The discipline-based art education program relies on several different curriculum theories. At times, the theories overlap and contradict each other, which is a reason why the DBAE has endured much criticism, as well as praise since its inception. The focus of this paper is to connect the theories to the four disciplines of DBAE by using the readings from EDU-707, Curriculum Theory, and Research.
The aims of the discipline-based art education are to provide art educators with a curriculum that is equal in vigor as the core curriculum subjects. Noddings (2003) would conclude that the DBAE curriculum, which parallels with core subjects, is rationalized through planned objectives and goals. Constructing a school curriculum, or a set of courses, must begin with a purpose or at least knowing the answer to why is this important to teach and learn? Eisner (1967) states, “if one is to build curriculum in a rational way, the clarity of premise, end or starting point, would appear paramount” (p. 250). In the early 1900s, school curriculum was questioned and mainly because of the changes that were taking place in society. There was a tremendous growth in popular journalism, the rapid advancement of railroads, and the migration of people from a predominately rural base moving into more urban locations (Kliebard, 2004). The industrial revolution was replacing the farm-based way of life and students needed a different type of education to help society in the future. The purpose of education is summed up neatly by Bobbitt who states, “[Education is] the function of training every citizen, man or woman, not for knowledge about citizenship, but for proficiency in citizenship” (Flinders & Thornton, 2004a, p. 11). Additionally, Eisner (2001), DBAE founder and Stanford University Professor of Education and Art, offers, “the function of schooling is not to enable students to do better in school. The function of schooling is to enable students to do better in life” (p. 369).

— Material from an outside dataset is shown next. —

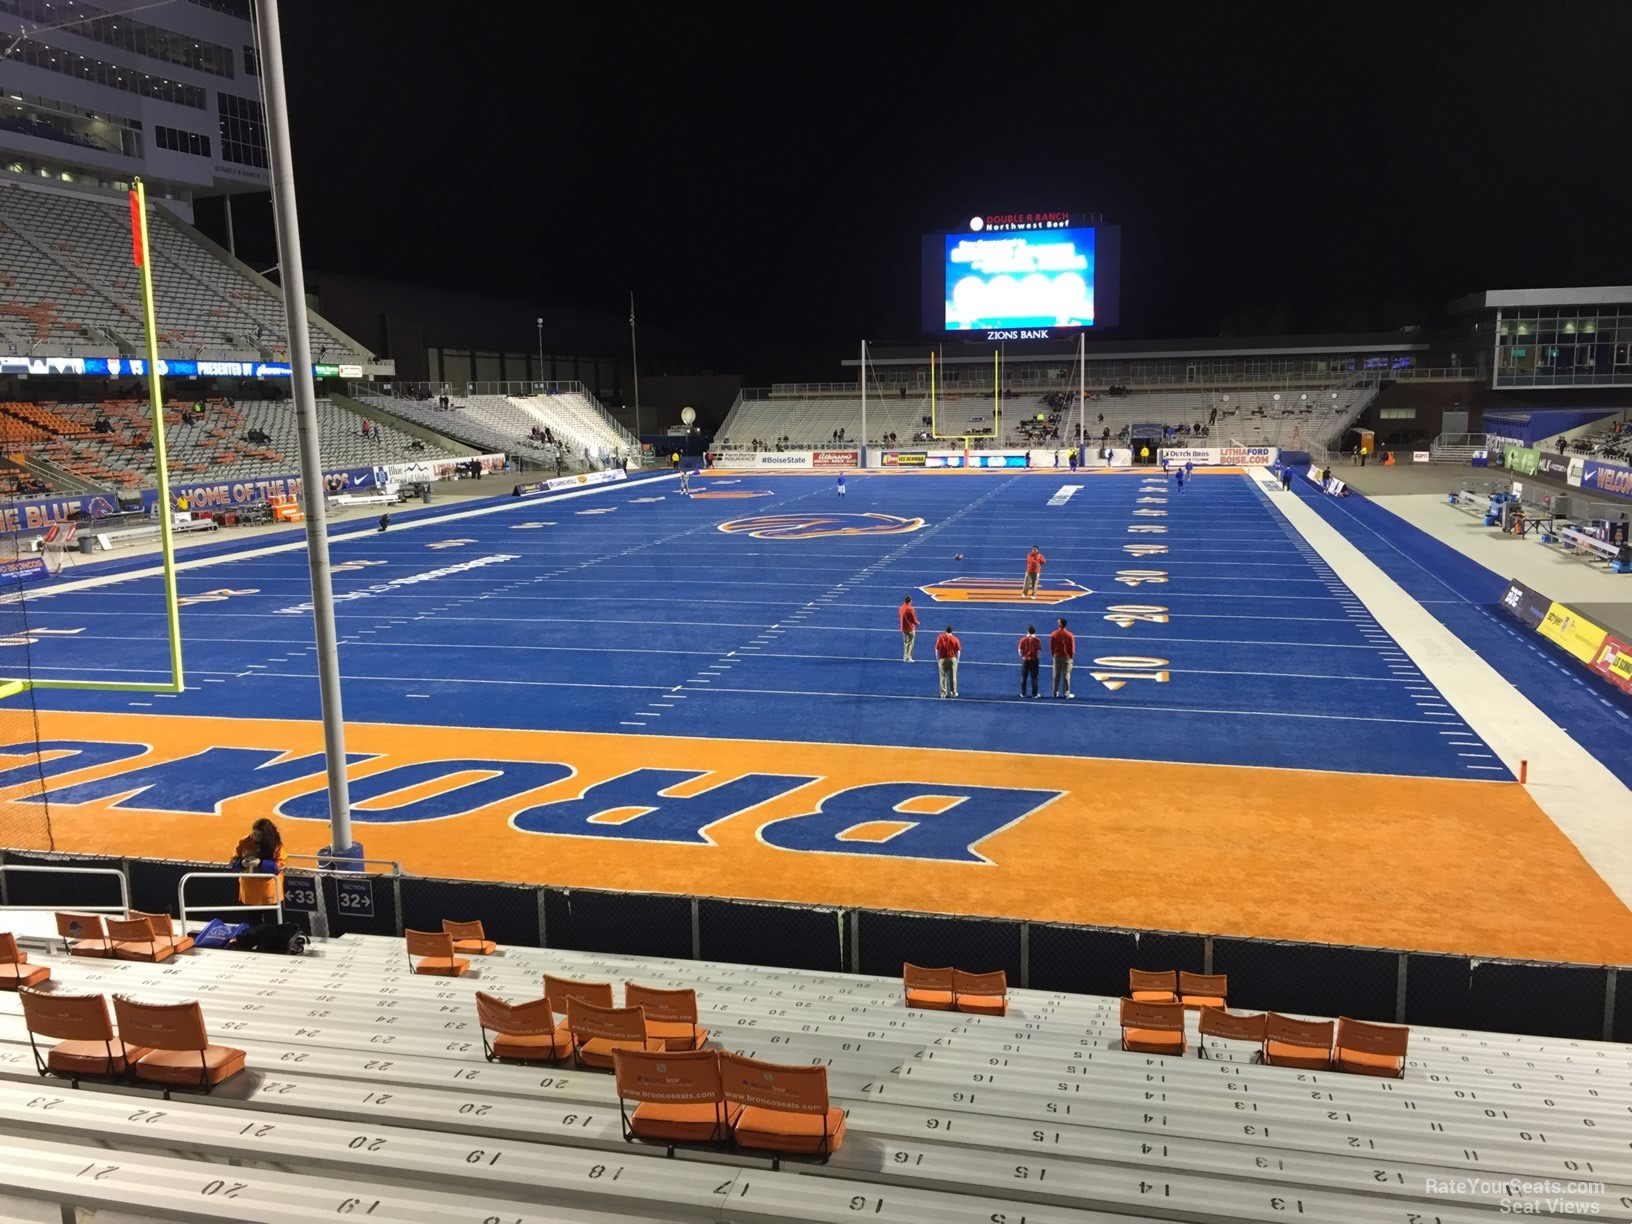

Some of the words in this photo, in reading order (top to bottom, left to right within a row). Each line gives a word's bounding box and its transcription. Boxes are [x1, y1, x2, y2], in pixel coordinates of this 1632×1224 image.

The DBAE curriculum is shaped by connecting different and at times conflicting beliefs. Few can argue that the main purpose of DBAE is to offer teachers a theoretical framework for learning and teaching the arts (Patchen, 1996). However, the foundations of DBAE have been under constant scrutiny since its inception. The criticism focused around being too prescriptive, eliminating individual creativity, and not representing all cultures. The differing analysis from academic experts is likely because the arts require a novel or creative response. Therefore, developing the particular behaviors needed for students to be successful it is hard to identify (Eisner). Another factor in the construction of the DBAE is how the world viewed art education in the 1960s. During prior decades art was influenced by national and political issues reflecting on post-war thinking. The approach was a belief of independence and democratic personality, which shaped art activities (Freedman, 1987). Therefore, the DBAE creators found a necessity for a disciplined approach. By definition, the term discipline means a field of study, as well as gaining control by enforcing the order. Both descriptions of discipline imply a set of parameters. Setting restrictions on instruction is designed to help teachers uniformly teach art education, which includes a responsibility of providing foundational knowledge. Art teaching in DBAE focuses on four disciplines: art production, art history, art criticism, and art aesthetics.
Art Production
Art production is students learning skills and techniques to produce personal, original artwork. This change signifies a different model from one of creative self-expression which had controlled art education throughout the previous decades and one in which Greene (1995) would contend that “to be yourself is to be in process of creating a self, an identity” (p. 20). Greene is certainly an advocate for individualism, creativity, and an awareness of oneself. However, the creators of the DBAE saw creativity through the lens of an essentialist. The orientation of an essentialist classroom should revolve around the teacher. The teacher should also be the model to which students should try to emulate. If the teacher is the focus of an essentialist classroom, Counts (Flinders & Thornton, 2004c) believes that they should take the next step and reach for the power and help construct the curriculum. The DBAE founders value the art product by using known exemplary works of art and treat art as a process moving from the outside inward. The founders contend that students view aspects of the exemplary as a process of discovery about responding, understanding, and thus creating. There is a flaw in this methodology because which of the many different societies have excellent pieces of art for students to follow? Kliebard (2004) suggests that what a society values and incorporates it into the curriculum is tough because it cannot take into account the different segments of society and what they feel is worthy of study.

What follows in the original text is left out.